The Perks Of Lacquerware

Chopsticks lying on Japanese traditional plate© Photo by iStock: MOHEJI

Many people strive to lead more eco-friendly lives, and lacquerware provides a sustainable option for doing so. Artisans create traditional lacquerware by layering tree sap over wood, with no harsh chemicals used in the process. The result is not only beautiful but practical—lacquerware naturally insulates and helps keep food warm. Because wood heats internally, urushi bowls are especially popular for serving soups and Japanese curries.

Not only is lacquerware beautiful, but it’s also an excellent investment: these items will last longer and become even more beautiful with time.

Many shikki producers say that the owner is the one who brings out the true beauty of lacquerware. Through use, the layers of urushi change—they thin or wear away, exposing new layers or they become shinier from constant contact. This is how Negoro types evolve, as mentioned above, and also how some antique or museum displayed pieces seem glossier than those available brand new in shops.

Lacquerware Care

Lacquerware Care© Photo by Hilary Keyes

If you’ve opted for genuine, traditional urushi items, caring for them properly will help you maximize the value of your investment.

Avoid letting your shikki dry out or exposing it to direct sunlight for long periods. If you prefer to display your collection rather than use it, keep it out of bright, sunny areas. Most traditional pieces come in wooden boxes with paper wrapping—use these for storage. If not, a cupboard with solid doors or a slightly humid space is enough to keep your lacquerware in good condition.

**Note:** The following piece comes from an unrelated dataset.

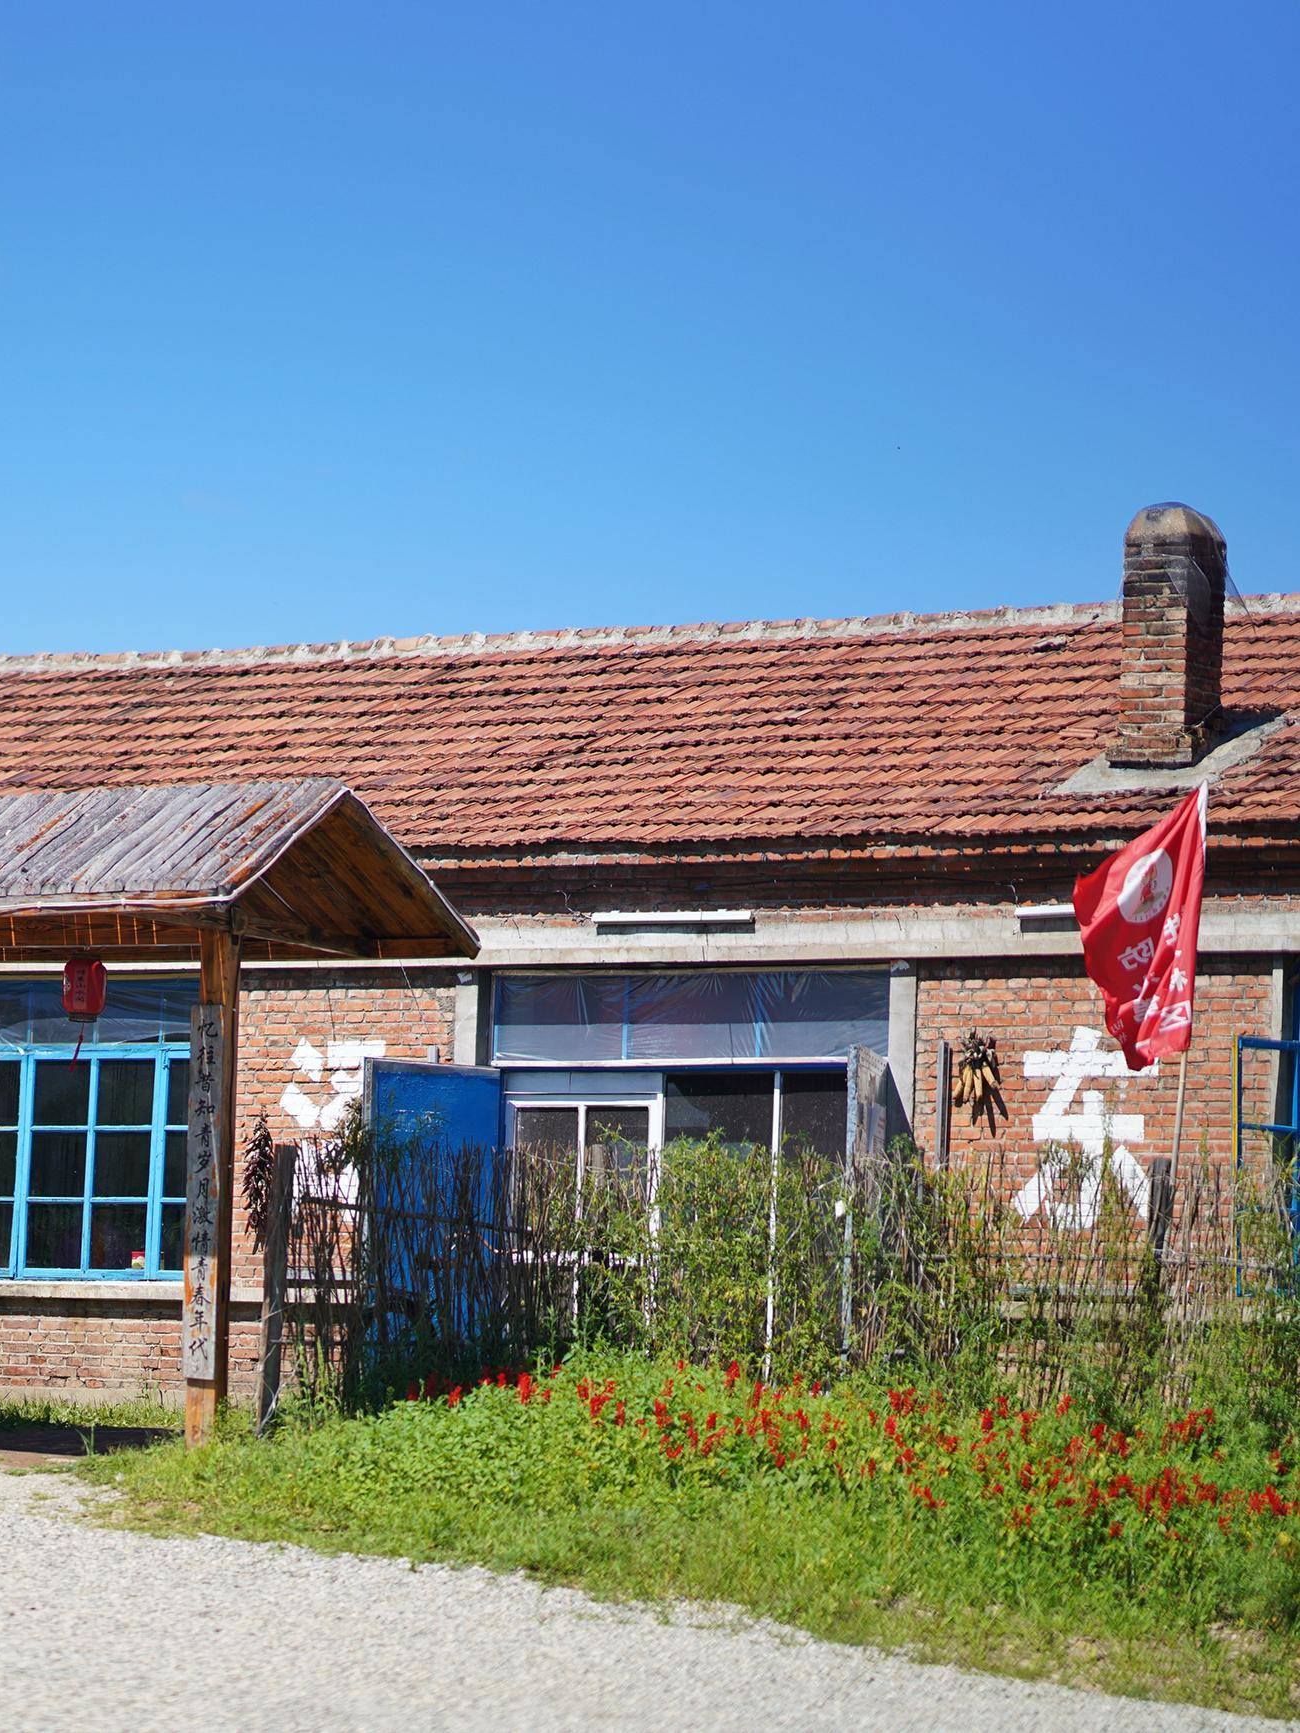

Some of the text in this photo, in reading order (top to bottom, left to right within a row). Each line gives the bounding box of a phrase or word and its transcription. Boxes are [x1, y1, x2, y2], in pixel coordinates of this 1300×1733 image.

[188, 1018, 219, 1361] 忆往昔知青岁月激情青春年代

When using urushi items daily, remember that they are sensitive to heat. Lacquerware can handle warm food and liquids, but not boiling temperatures. Avoid pouring freshly boiled water directly into lacquered teapots or bowls, as this can cause warping or cracking.

For cleaning, keep it simple and gentle. Do not put lacquerware in the dishwasher, microwave, or toaster oven. Also, avoid using sharp utensils or electric mixers. Hand wash with a mild, eco-friendly detergent; never soak. Dry immediately with a soft cloth. Unlike untreated wood, lacquerware does not require oiling—the urushi itself seals and protects the surface.

Properly cared for, urushi can and will last for decades. If you choose an item made from wood and coated in proper urushi, you will have a lacquerware treasure that will last a lifetime.


Comments

Zo says:

Do you need to be careful of the temperature of the food or liquid that you put in the. Lacquerware- I.e. if it was a teapot, can it take boiling water? Also is there any type of treatment for the wood that helps it from drying out, like mineral oil?